= TASK =
A faithful copy of each entry below is expected, with the images removed.

# # #

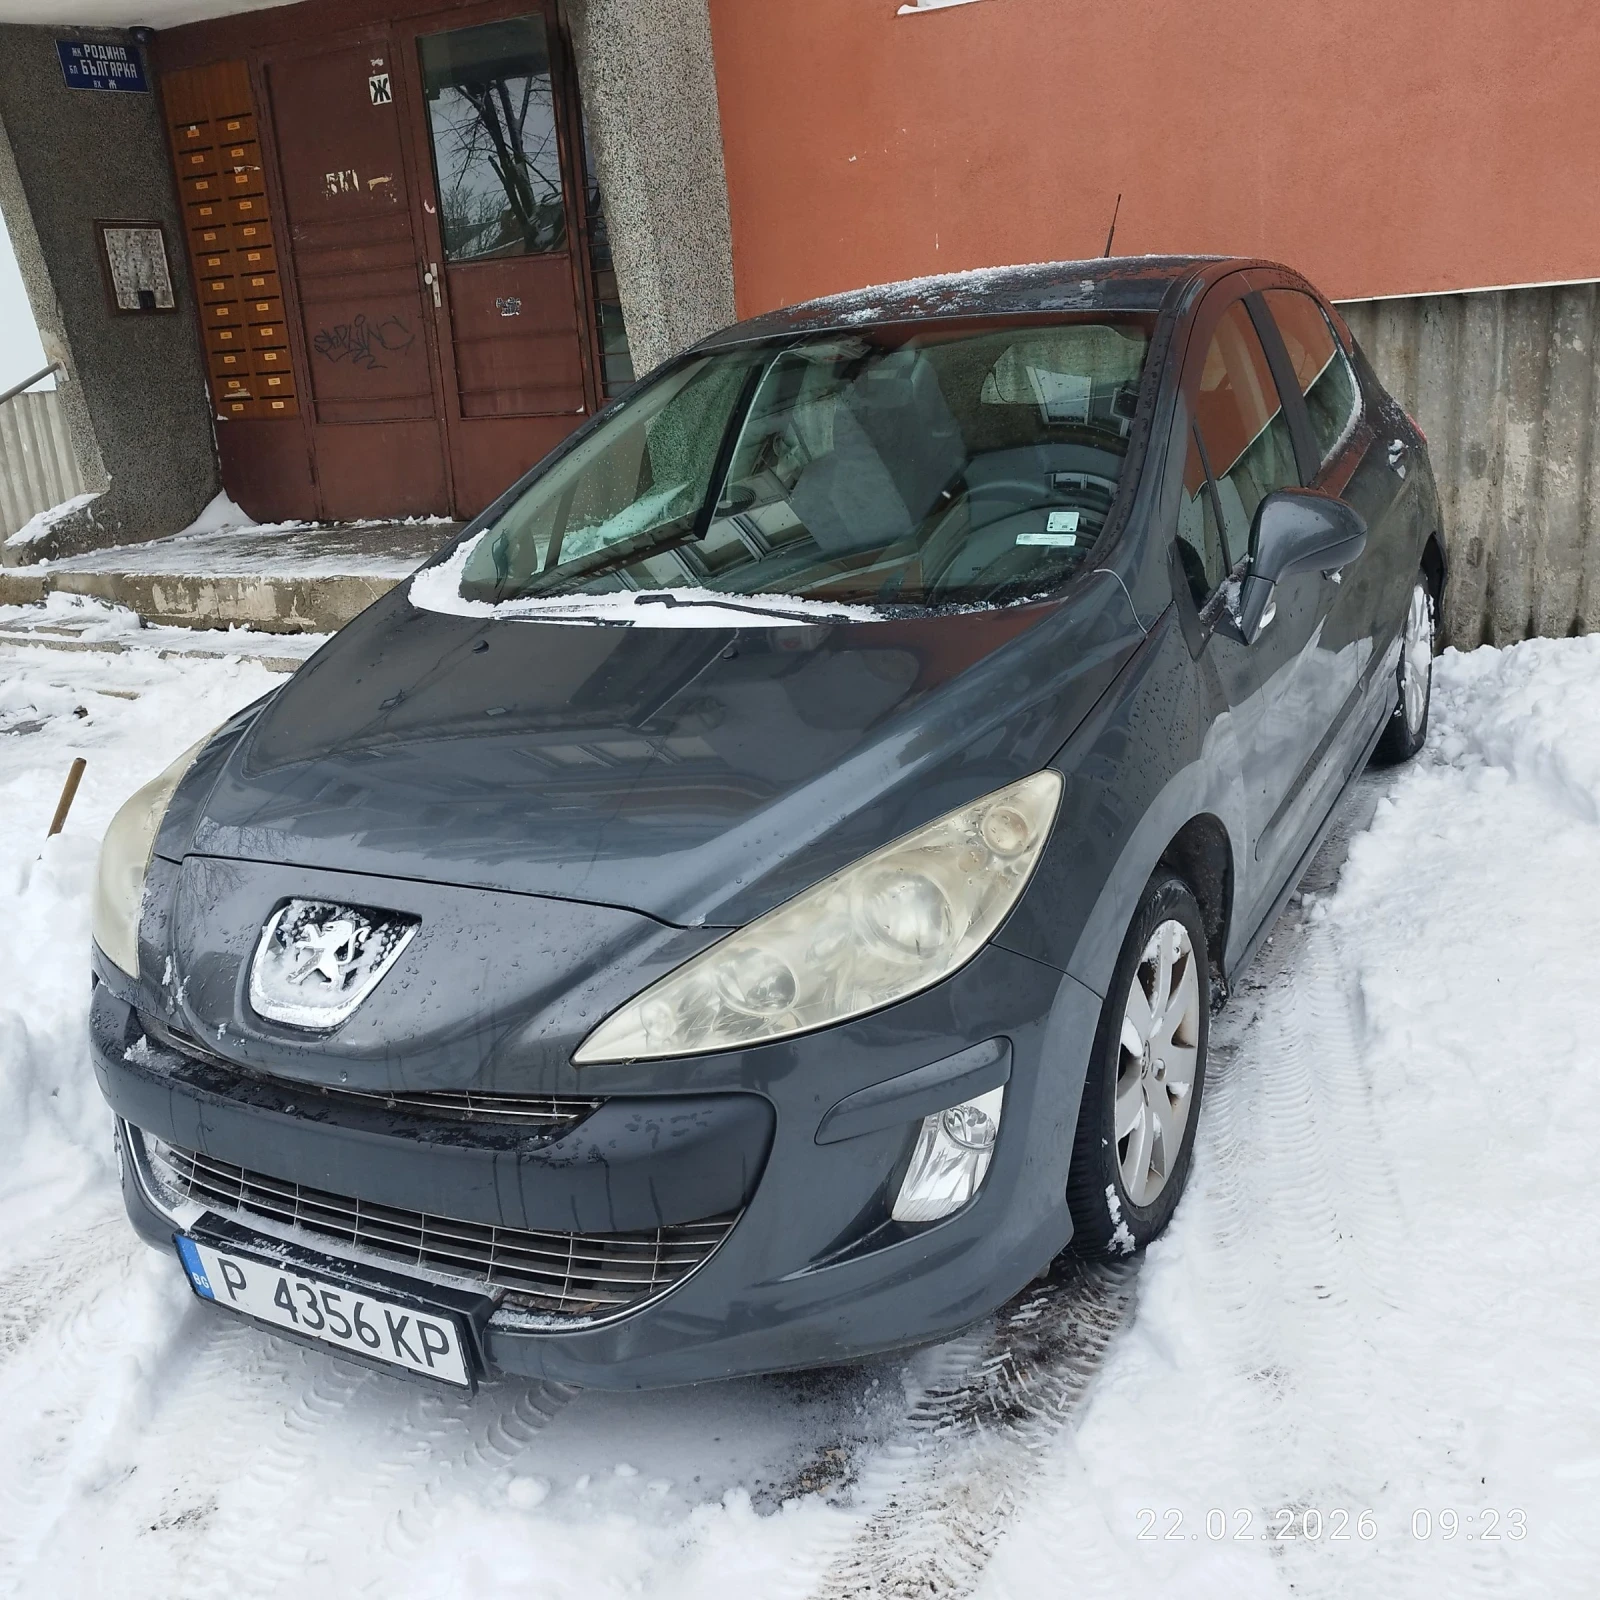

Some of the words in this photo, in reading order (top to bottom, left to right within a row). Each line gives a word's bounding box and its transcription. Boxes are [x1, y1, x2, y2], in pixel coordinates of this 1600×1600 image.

[83, 44, 127, 61] РОДИНА
[80, 59, 138, 79] БЪЛГАРКА
[108, 79, 117, 89] Ж
[371, 77, 391, 103] Ж
[192, 1273, 210, 1290] BG
[217, 1256, 247, 1301] P

# # #

= WRITTEN RESPONSE =
Some of the words in this photo, in reading order (top to bottom, left to right within a row). Each line gives a word's bounding box and its transcription. Boxes are [x1, y1, x2, y2], in pixel coordinates of this 1600×1600 image.

[83, 44, 127, 61] РОДИНА
[80, 59, 138, 79] БЪЛГАРКА
[108, 79, 117, 89] Ж
[371, 77, 391, 103] Ж
[192, 1273, 210, 1290] BG
[217, 1256, 247, 1301] P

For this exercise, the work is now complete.